Con queste ragioni s'ingegnavano muovere la città.
Ma il popolo fiorentino con franco e generoso animo deliberò piuttosto sopportare ogni cosa, che cedere a' minacci de' Tedeschi: e quanto maggiori pericoli si dimostravano, tanto si riputavano maggior gloria a ovviare a quelli. E certamente stimavano quello che era il vero, essere posto uno grande onore nella resistenza, e nello stare costanti e forti contro di coloro. E pertanto non vollero udire pratica alcuna di patti nè di convenzioni; ma con sollecitudine messo in punto le genti, aspettavano francamente la venuta de' Tedeschi.

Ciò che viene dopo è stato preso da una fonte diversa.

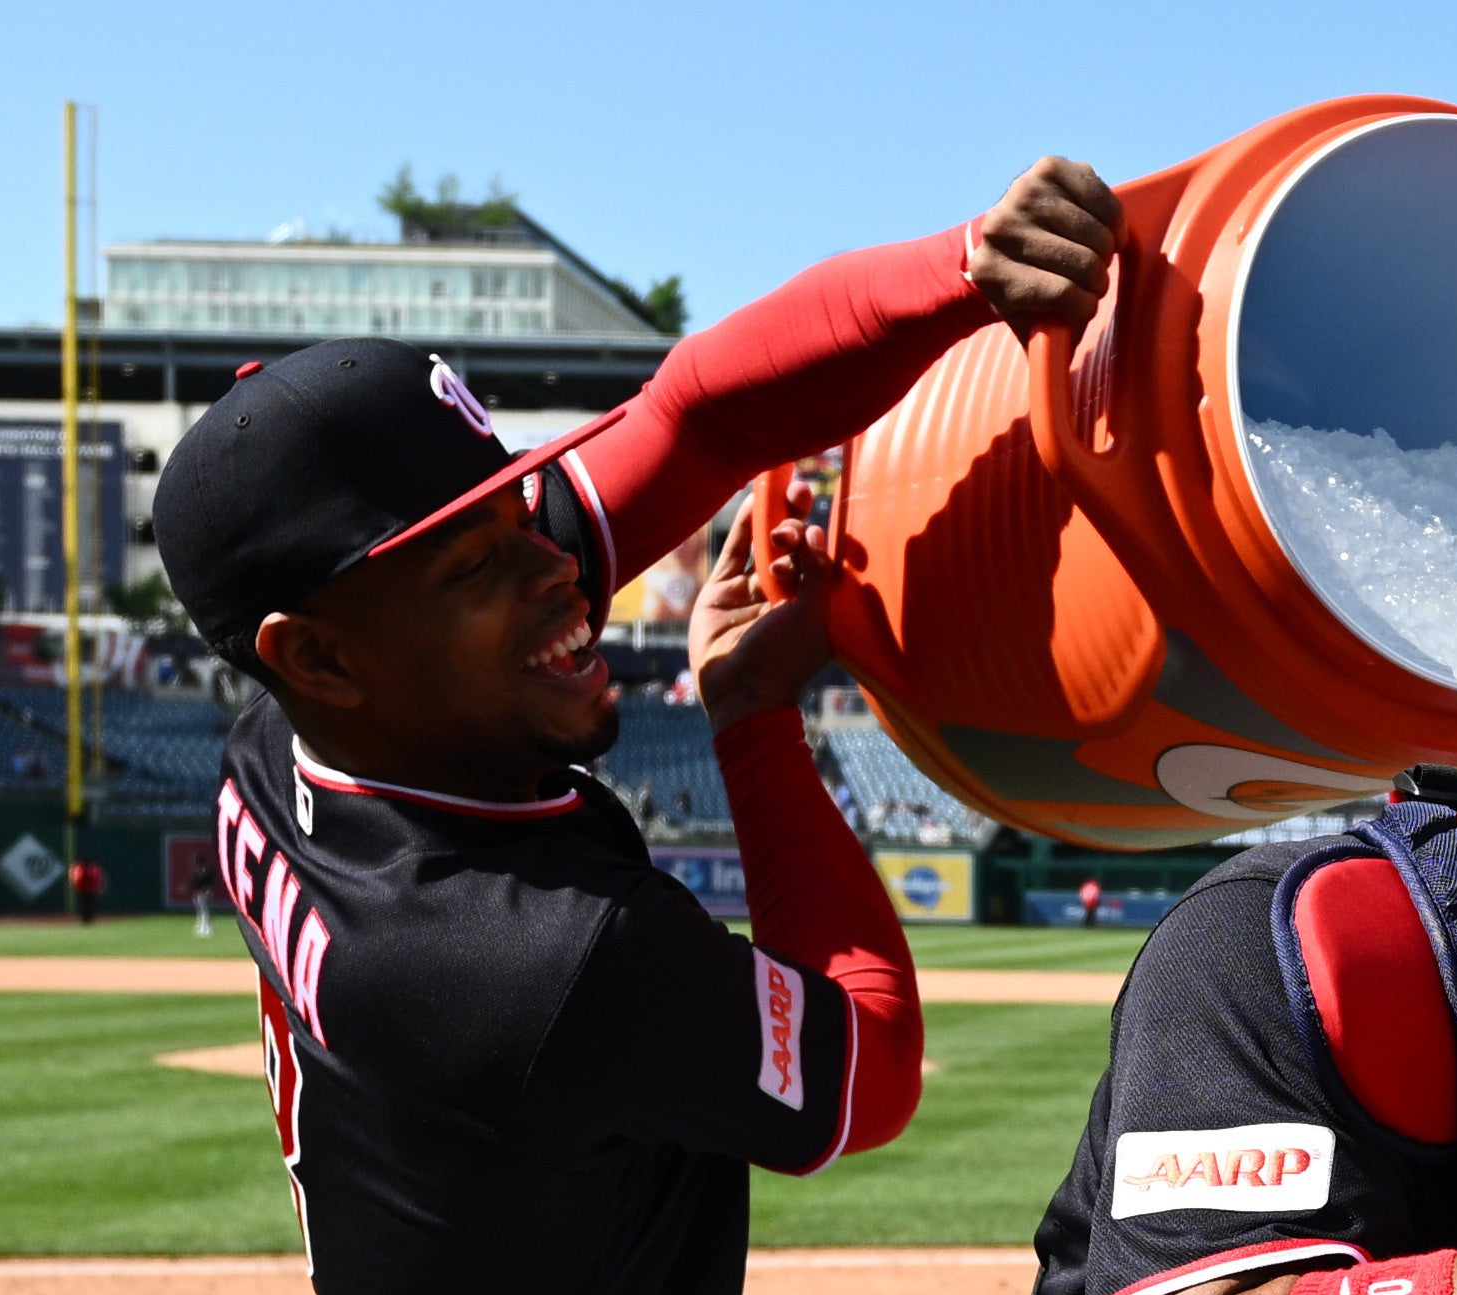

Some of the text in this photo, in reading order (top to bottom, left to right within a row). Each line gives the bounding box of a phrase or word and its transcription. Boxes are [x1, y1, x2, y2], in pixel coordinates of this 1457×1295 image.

[218, 778, 330, 1050] TENA
[769, 964, 792, 1095] AARP
[1123, 1148, 1311, 1191] AARP

Era già la fama per tutto divulgata, come i Fiorentini non cedevano a' Tedeschi, ma con virile animo s'apparecchiavano a resistere. E pareva, che gli occhi d'ognuno fossero vôlti a loro, non solamente de' popoli di Toscana, ma ancora delle altre parti d'Italia: perocchè e' si meravigliavano, e riputavano cosa egregia essere in loro tanta generosità d'animo; e per questa cagione si studiavano tutti di dare loro ajuto e favore. Il perchè e dal re di Sicilia e da messere Bernabò Visconti e da' signori di Padova e di Ferrara vennero gli ajuti. Ma questi vennero di poi: perocchè da principio la repubblica mise prestamente in punto le sue genti, e dessero per capitano Pandolfo Malatesta. Il quale, come sentì i Tedeschi del contado di Perugia essere passati in quel di Siena, si fece incontro con tutte le genti in Val di Pesa, con fermo proposito di resistere, se i nimici si facessero loro innanzi. I Tedeschi, vedendo contro alla speranza loro le genti de' Fiorentini essere apparecchiate alla battaglia, soprastettero alquanti dì in quel di Siena: finalmente passarono per quel di Volterra in quel di Pisa.